US Mint Limits Weekly Silver Eagle Sales to 1.1 Million

by Mike Unser on November 9, 2015 · 4 comments

American Eagle silver bullion coin

The U.S. Mint has the production capability to meet the demand for Silver Eagles, but the agency is unable to acquire enough planchets for that to happen. The Mint rations sales to prevent periods of suspensions.

United States Mint distributors should be able to order as many American Eagle silver bullion coins as they like this week, based on the latest allocation level and past buying trends.

The U.S. Mint has rationed sales of Silver Eagles since their return after temporarily selling out in July. Fewer coins are available this week than the previous one, but more than distributors could have ordered in any week since the one ended Oct. 9.

This week’s allocation slipped 6.7% to 1,107,500 coins. Last week’s supply jumped 13.8% to 1,187,000 coins from the prior week’s amount of 1,043,500 coins. The next weekly allocation will be announced by Nov. 16.

Weekly inventories through most of the summer sold within a few days of their release. That hasn’t been the case for four straight weeks, reflecting an easing in demand. Actual orders of American Silver Eagles in each of the past four weeks have totaled:

  • 1,079,500 coins through the week ended Nov. 6
  • 856,500 coins through the week ended Oct. 30
  • 926,500 coins through the week ended Oct. 23
  • 930,000 coins through the week ended Oct 16

Despite rationing and recent weakened demand, sales of the one-ounce, 99.9% pure silver coins at 40,922,000 for the year continue to run at a record pace. They are 4.1% higher than a year earlier when sales reached 39,301,000 coins through Nov. 6, 2014. Last year, Silver Eagle sales ended at an annual record of 44,006,000 coins.

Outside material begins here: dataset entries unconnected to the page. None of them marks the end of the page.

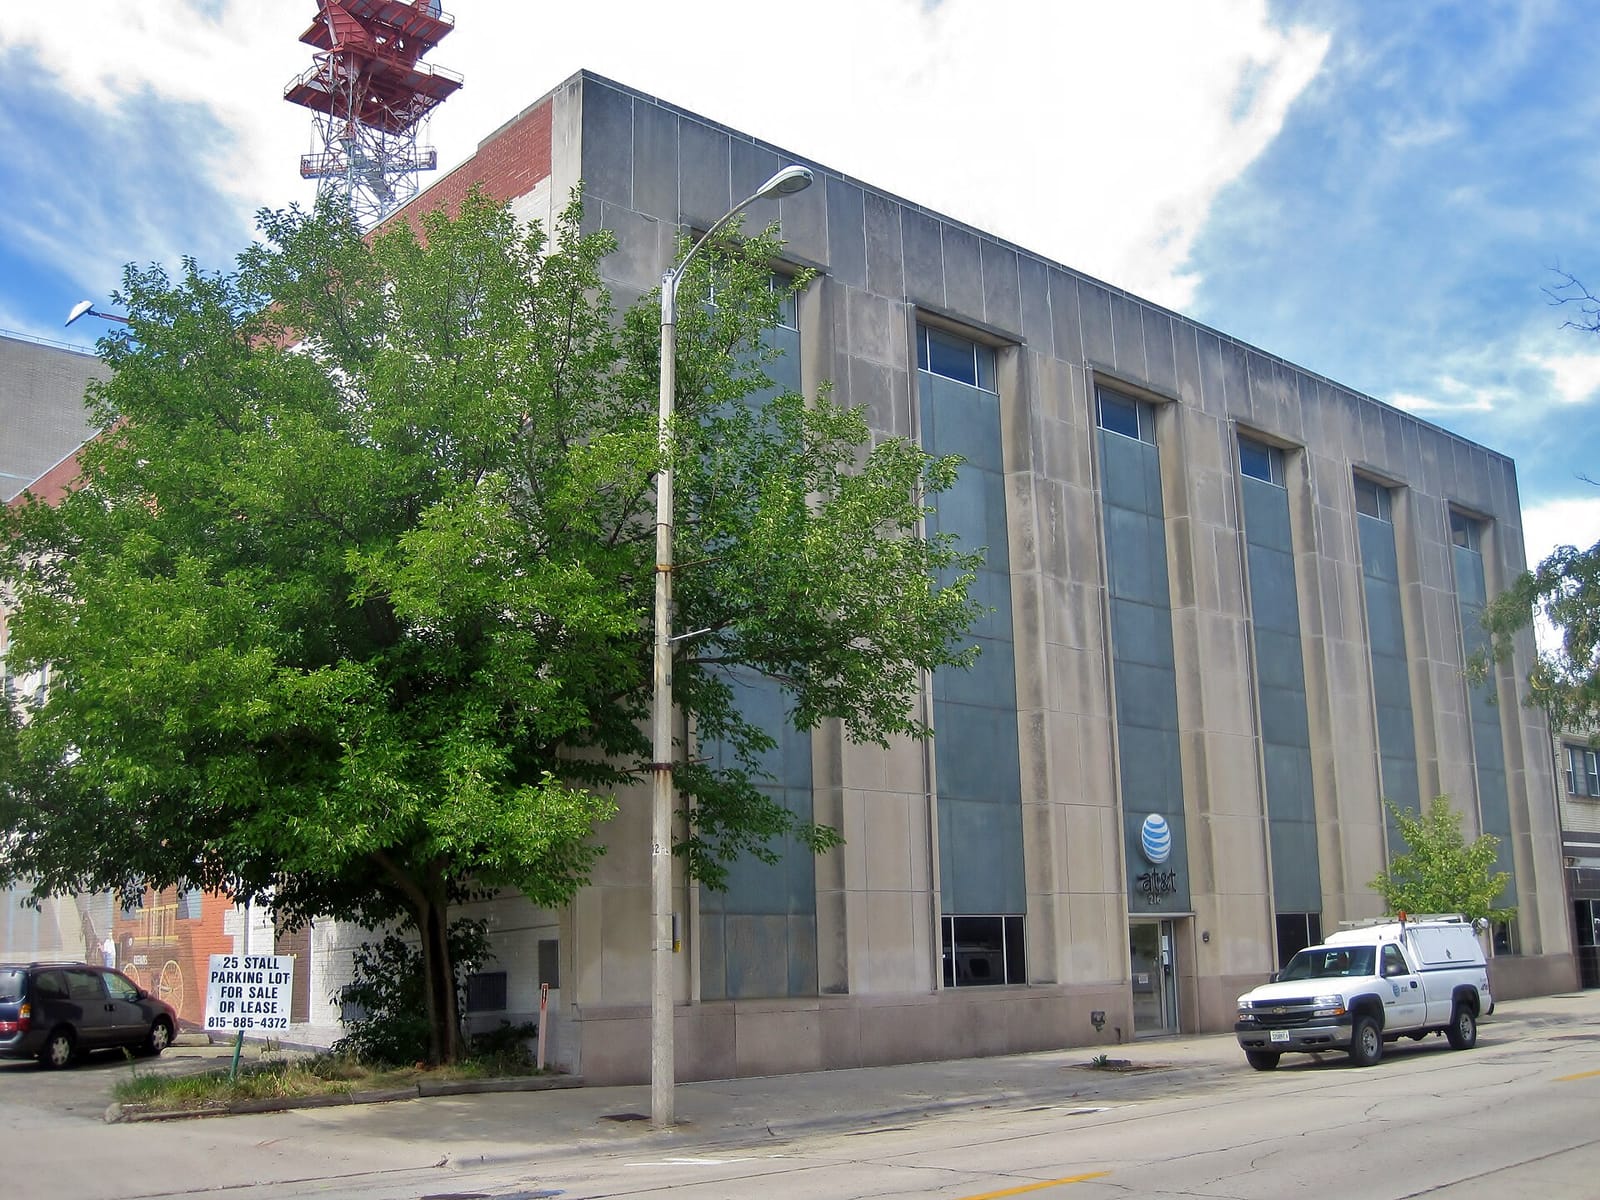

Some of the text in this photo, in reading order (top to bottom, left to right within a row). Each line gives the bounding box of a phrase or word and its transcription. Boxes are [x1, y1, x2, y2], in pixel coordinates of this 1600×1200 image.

[1143, 867, 1177, 893] at&t
[223, 956, 279, 969] 25 STALL
[211, 971, 290, 984] PARKING LOT
[221, 986, 278, 999] FOR SALE
[219, 1001, 278, 1014] OR LEASE
[208, 1016, 287, 1029] 815-885-4372

The U.S. Mint does not sell American Eagle silver bullion coins directly to the public. They are sold through a network of authorized purchasers. AP’s consist of major coin and precious metals dealers, brokerage companies, and other participating financial intermediaries. They must pay $2 more than the spot value of each coin they buy.

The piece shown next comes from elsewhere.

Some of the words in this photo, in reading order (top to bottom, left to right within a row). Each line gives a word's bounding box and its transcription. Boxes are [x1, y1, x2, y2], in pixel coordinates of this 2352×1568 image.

{ 4 comments… read them below or add one }

Joe November 9, 2015 at 12:50 pm

It really erks me that they don’t sell them to the public. But the “authorized dealers” can rip off the public. I hope they get stuck with the 40 million with the price of silver tanking. To the mint: MAKE THEM AVAILABLE TO THE PUBLIC WITH THE SAME PRICE YOU CHARGE THE “AUTHORIZED DEALERS!!!!

David November 9, 2015 at 2:02 pm

Or at least offer us some type of deal on them. I think a 10 or 20 pack at $2.50 over spot plus $4.95 shipping would be a reasonable deal. Guess they would have to figure out how to change the price at least every day, but that might not be that hard to do. Even if they only made the price good for a few hours after the afternoon spot price goes into affect, at least dedicated buyers could grab what they wanted. Look at the hoops people had to jump through to get the C&C sets. The might not be able to offer returns on these either due to the volatility of silver. Thinking all the issues through it makes sense that they don’t offer them, but it would be nice if they figured out a way to do it.

RonnieBGood November 9, 2015 at 5:54 pm

The price of metals are not “tanking”. It is the value of the dollar that is causing the drop. Since it is almost certain that the interest rate will now rise in December the dollar has had a very strong result (worth more) against foreign currency and all commodities that are based on the dollar. That said, the mint has made no adjustments to the price of their silver coinage.

Joe November 10, 2015 at 1:14 am

To the Joe above. Nothing is going to change. Just the price of silver will.